The Cortex-X4 is designed to deliver top-tier compute performance in mobile System-on-Chips (SoCs), particularly tailored to handle demanding workloads like AAA gaming and bursty operations. The Cortex-X4 is Arm's highest-performing core to date, featuring an anticipated core clock speed of 3.4 GHz and an increased L2 cache per core, doubling its capacity to 2 MB compared to last year's 1 MB Cortex-X3 . Despite these enhancements, Arm has managed to maintain a minimal increase in the physical size of the core, with the more complex X4 CPU core coming in at under a 10% die size increase (the additional L2 cache excluded).

As for power efficiency, Arm claims a notable improvement in power savings of approximately 40% compared to previous generations. Don't expect to see too many CPU vendors take advantage of that, since the primary job of the X-series is to run fast, but it goes to show what the X4 can accomplish in conjunction with the latest fab nodes.

Arm Cortex-X4: Front End Reshuffle, Redesigning Instruction Fetching

In terms of architecture, the Cortex-X4 exhibits similarities to its predecessor, the Cortex-X3, with the primary focus being on refining the existing architecture and optimizing efficiency across various core components.

Now while things haven't changed all too much architecturally from the Cortex-X4 to the Cortex-X3, the Cortex-X4 front end has had a reshuffle and a tweak of the instruction fetching block. The aim of Arm has been to keep latencies low while offering peak bandwidth throughout its Cortex-X4 core and within the entire TSC23 core cluster.

With regards to the Cortex-X4's front end, the big architectural change here has been through its dispatch width.  The Cortex-X4 now has a more focused 10-wide dispatch width, up for the 6/8-wide dispatch width of the X3. That said, while the front-end has gotten wider, the effective pipeline length has actually shrunken even so slightly; the branch mispredict penalty is down from 11 cycles to 10.

The other big front-end focus has been on the instruction fetching process itself; Arm has essentially redesigned the entire instruction fetch delivery system to ensure better efficiency throughout the pipeline when compared to the Cortex-X3.

The latest architecture also takes another pass on improving Arm's branch prediction units, further improving their prediction accuracy. Arm isn't saying much about how they accomplished this, though we do know that they've targeted conditional branch accuracy in particular. None of this comes for free, though; Arm was quick to note that the improved predictors were more expensive to implement. Still, Arm believes this is worth it in keeping the beast (Cortex-X4) fed, so to speak.

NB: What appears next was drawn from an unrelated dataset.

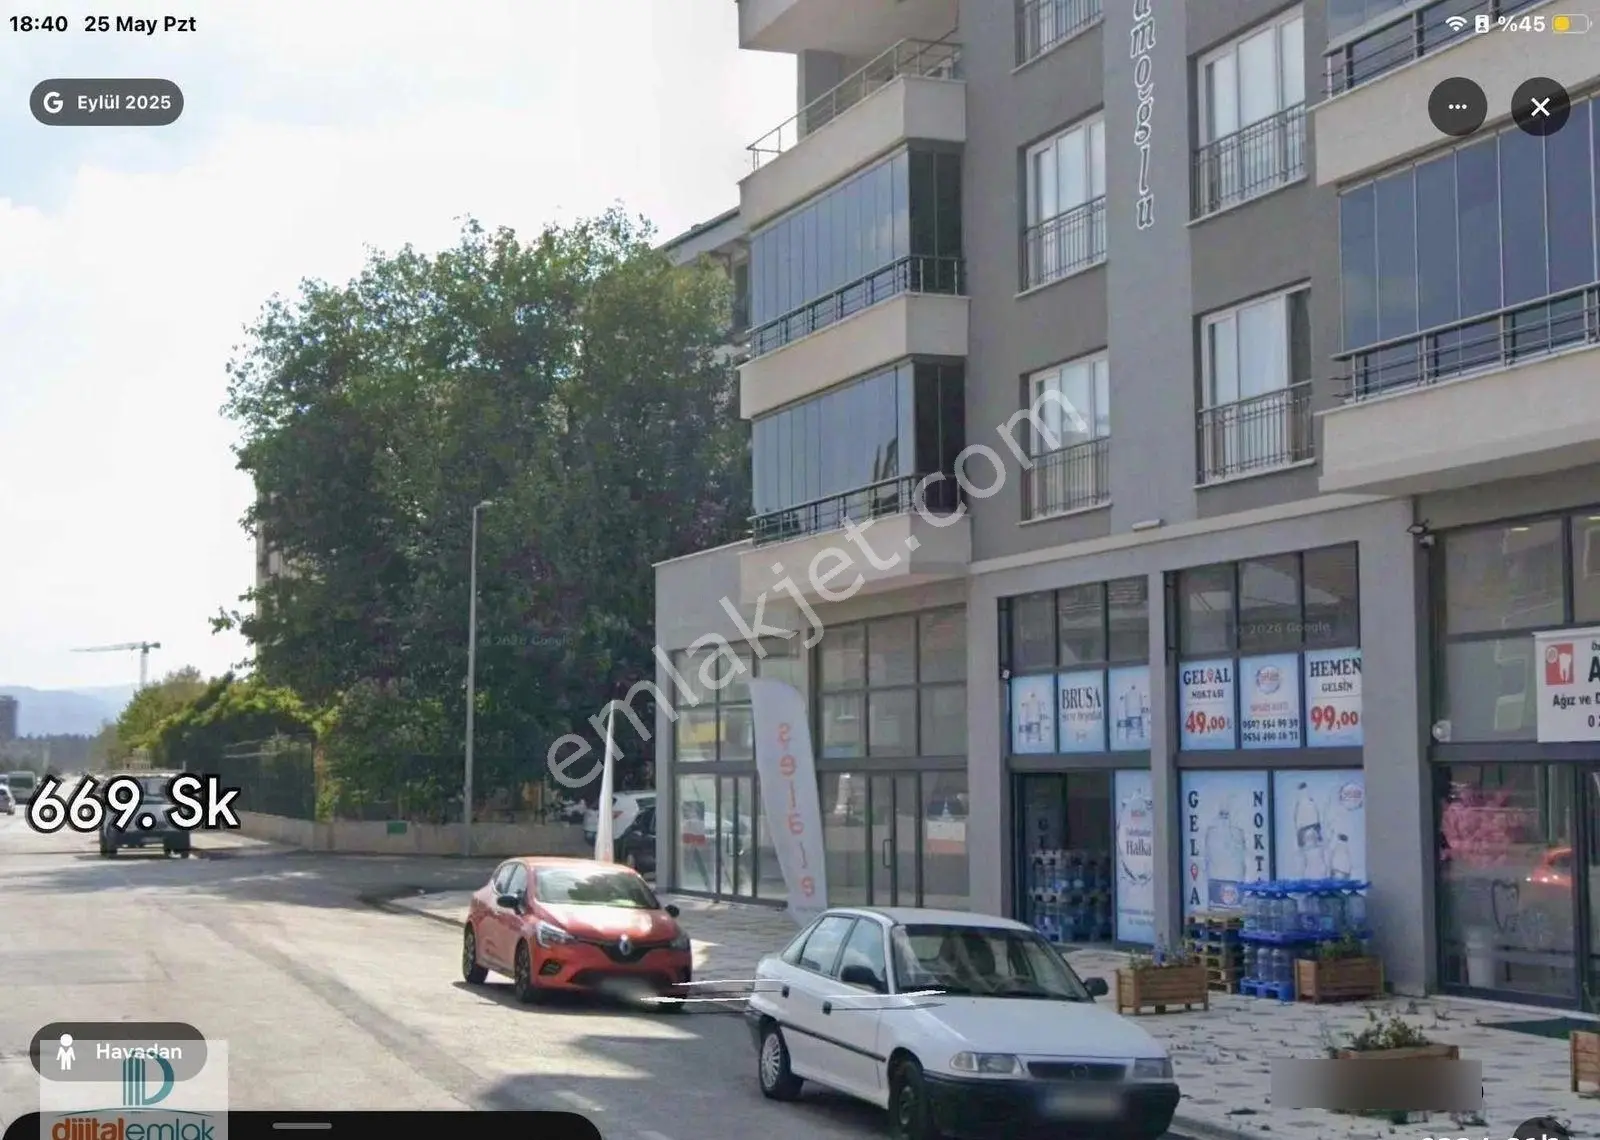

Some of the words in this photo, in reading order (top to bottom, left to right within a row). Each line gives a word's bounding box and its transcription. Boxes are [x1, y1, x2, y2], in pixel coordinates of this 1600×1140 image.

Shifting to the back-end of the CPU core, Arm has taken a focus on execution bandwidth. Among other changes, Arm has increased the number of ALUs from 6 to 8. Of these, six are simple ALUs for processing single-cycle uOPS. Meanwhile, there are two complex ALUs for processing dual and multi-cycle instructions, Arm has also squeezed another branch unit in, giving the Cortex-X4 a total of 3, up from 2, as well as adding an extra Integer MAC. Meanwhile on the floating point side of matters, the Cortex-X4 also upgrades a pipelined FP divider.

So to some extent, the X4's performance improvements come from a brute force increase throughout the chip, with the chip able to dispatch and retire more instructions in a single clock. The goal for the Cortex-X4 is to offer peak performance on both benchmarks and real-world workloads, as well as an increase in the fetch bandwidth for any instruction set going through the pipeline. The benefits come through latency reductions and instruction fusion benefits for larger instruction footprint workloads.

Increasing the Micro-op Commit Queue (MCQ) capacity – and thus the size of the window for instruction re-ordering – is another refinement in Arm's toolbox for Cortex-X4. As with previous increases in Arm's re-order buffers, the larger queue affords more opportunities to look for instruction re-ordering, to hide memory stalls and otherwise extract more opportunities for the rest of the CPU back-end to get some work done. And with CPU performance continuing to outpace memory bandwidth, the need for larger buffers only grows with each generation.

Finally, at the far back end of the X4 CPU core, Arm has added a fourth address generation unit. Interestingly, this one is just for stores; Arm already had a load-only unit, but opted for a store-only unit rather than converting it to a full mixed LS unit.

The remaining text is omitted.